- Exercise description
Copy every entry exactly, but skip the pictures.

-=-=-

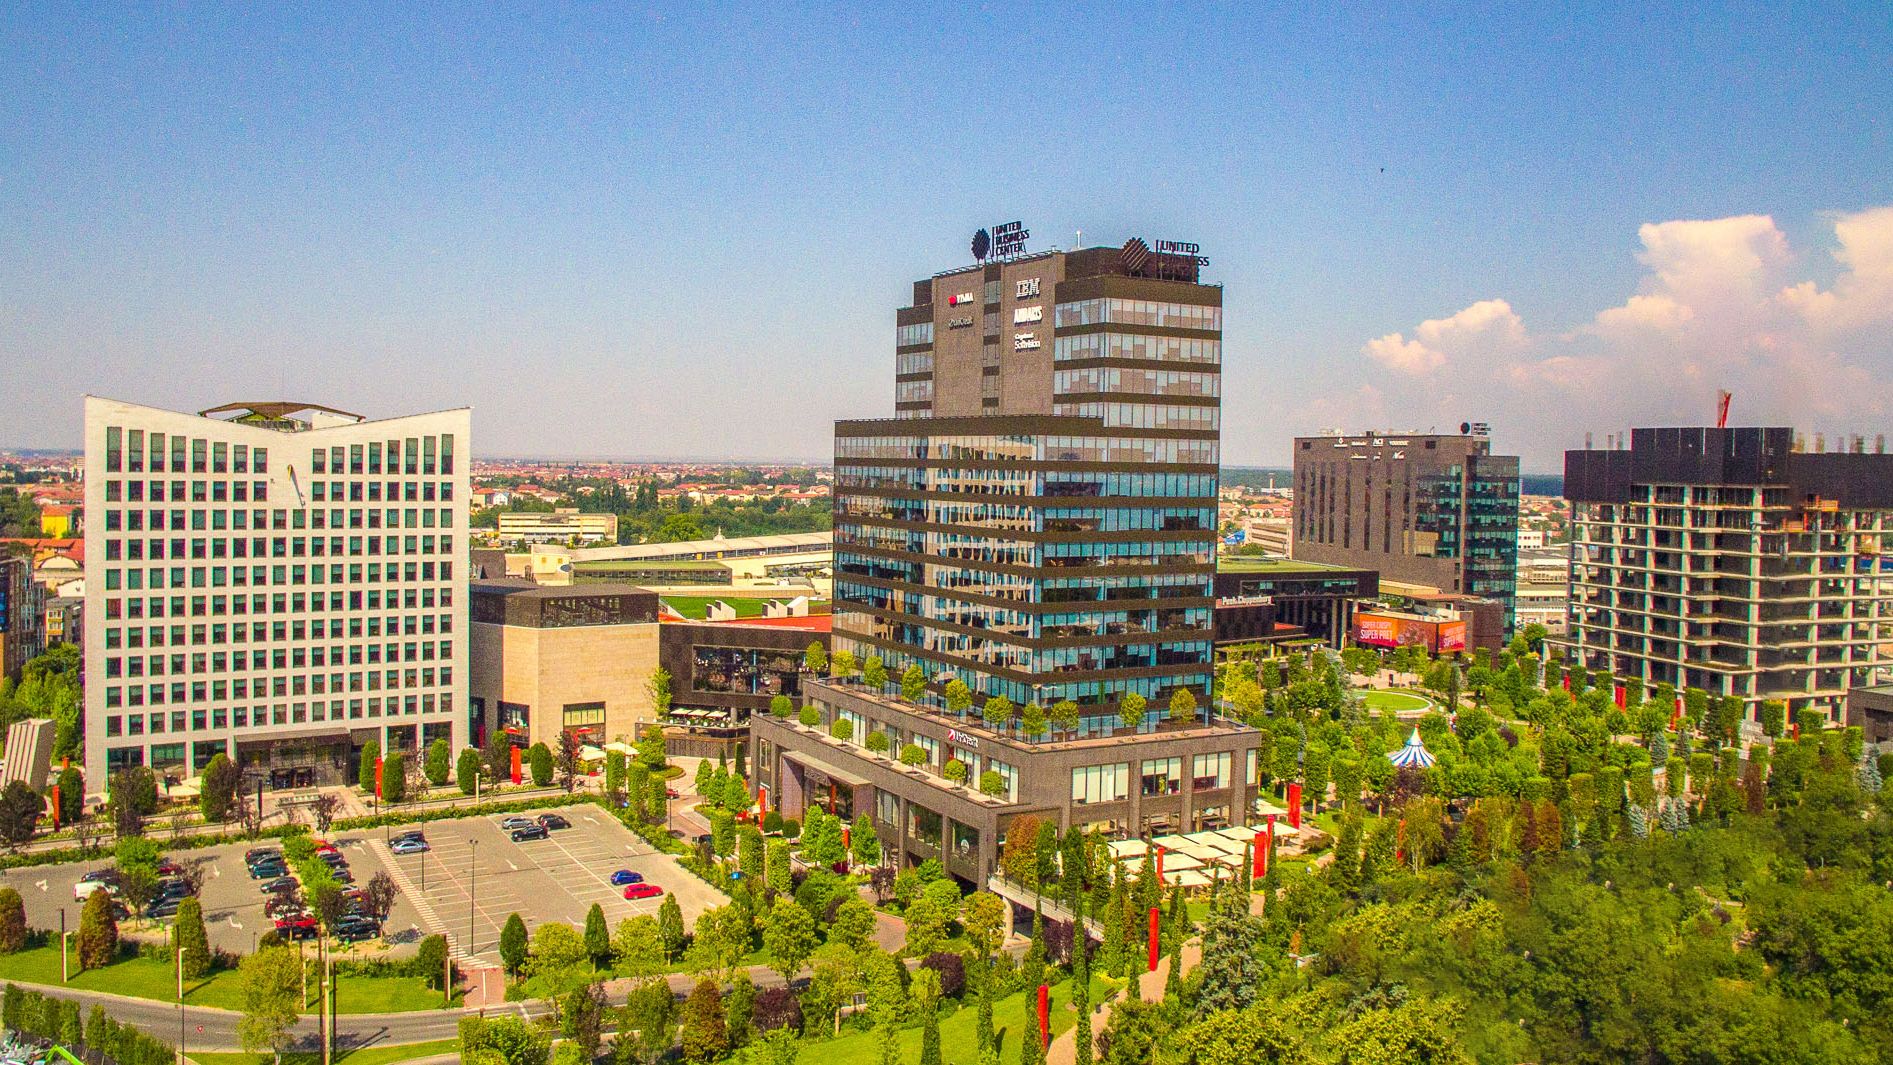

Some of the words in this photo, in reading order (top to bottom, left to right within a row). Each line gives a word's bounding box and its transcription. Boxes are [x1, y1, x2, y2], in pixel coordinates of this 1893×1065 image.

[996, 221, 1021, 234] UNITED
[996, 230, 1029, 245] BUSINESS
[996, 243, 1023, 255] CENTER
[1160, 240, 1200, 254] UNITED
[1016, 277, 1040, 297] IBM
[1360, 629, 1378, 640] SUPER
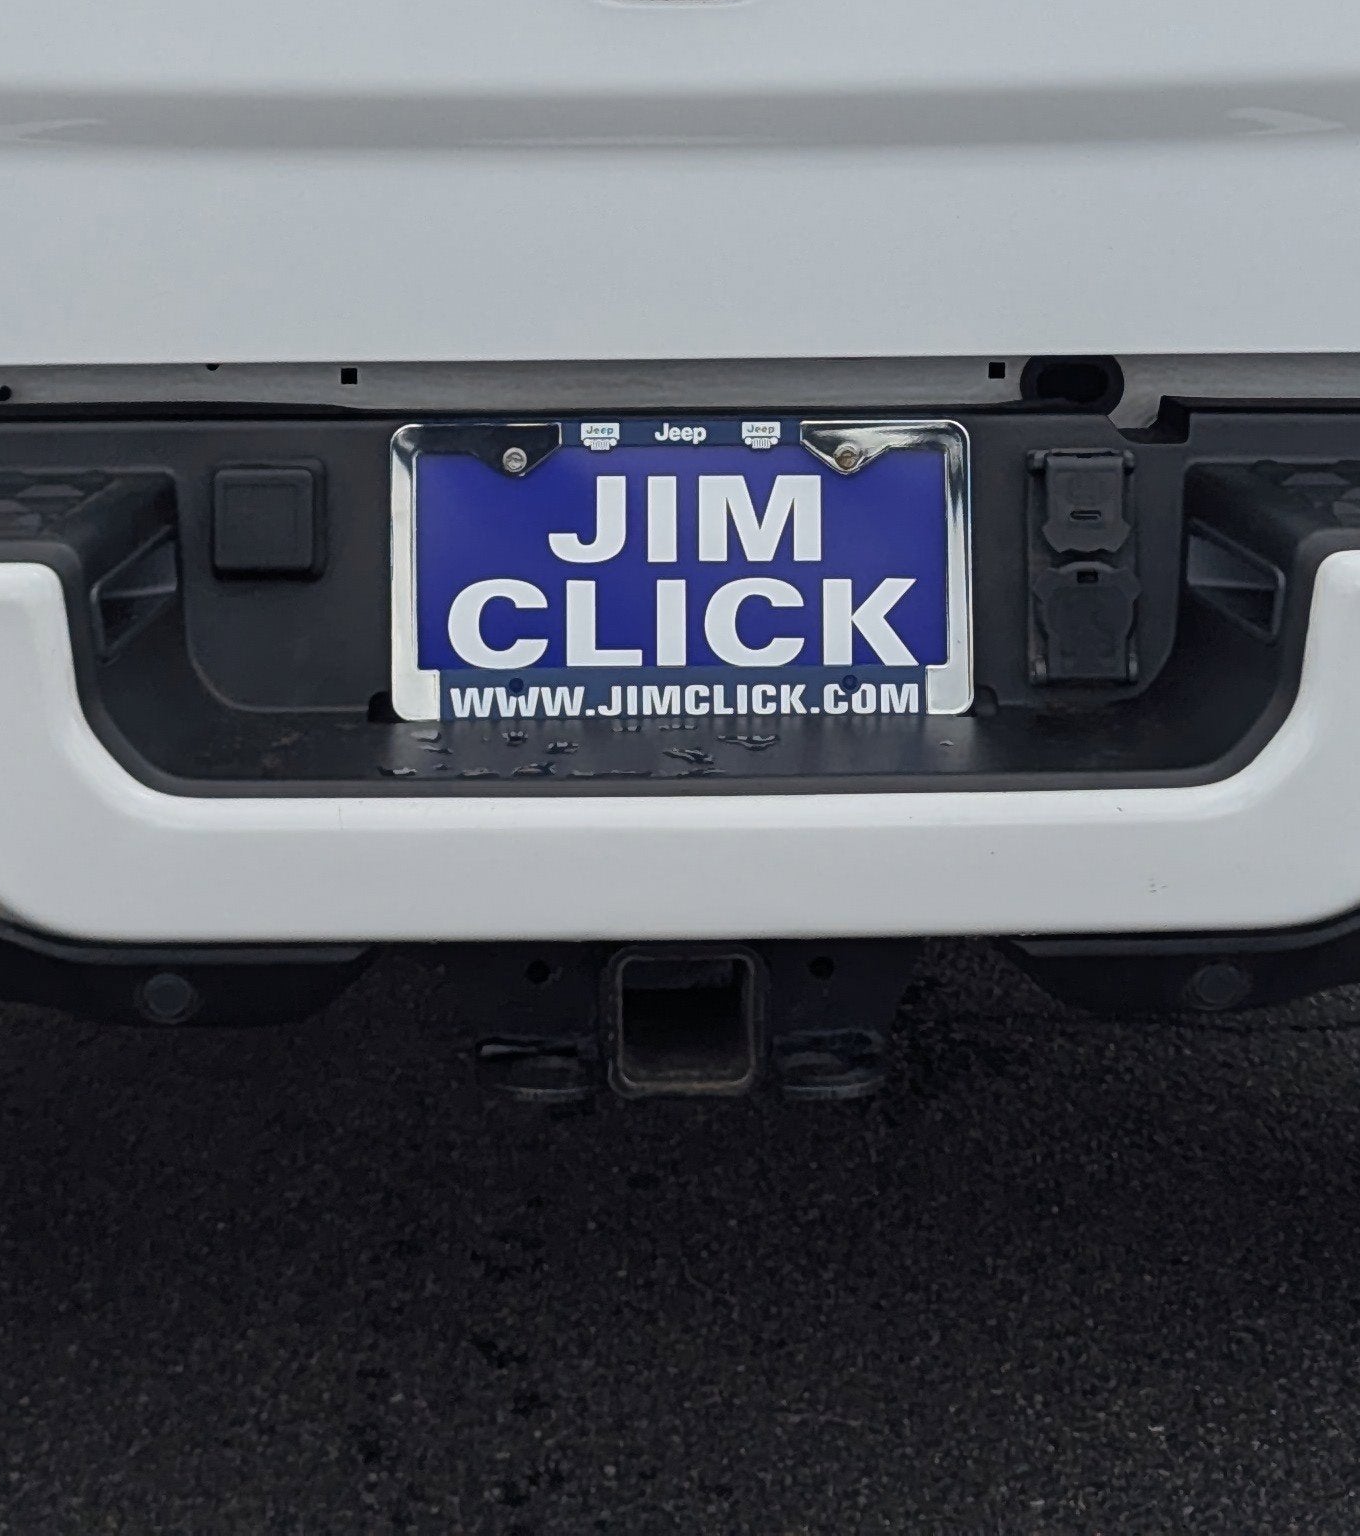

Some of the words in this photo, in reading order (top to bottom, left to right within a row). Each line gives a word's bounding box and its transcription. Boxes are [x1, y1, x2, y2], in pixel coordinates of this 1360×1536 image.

-=-=-

- Result for this exercise
Some of the words in this photo, in reading order (top to bottom, left to right within a row). Each line gives a word's bounding box and its transcription. Boxes are [x1, y1, x2, y2], in pixel coordinates of this 1893×1065 image.

[996, 221, 1021, 234] UNITED
[996, 230, 1029, 245] BUSINESS
[996, 243, 1023, 255] CENTER
[1160, 240, 1200, 254] UNITED
[1016, 277, 1040, 297] IBM
[1360, 629, 1378, 640] SUPER

Some of the words in this photo, in reading order (top to bottom, left to right within a row). Each line gives a word's bounding box and its transcription. Boxes are [x1, y1, x2, y2], in pixel coordinates of this 1360×1536 image.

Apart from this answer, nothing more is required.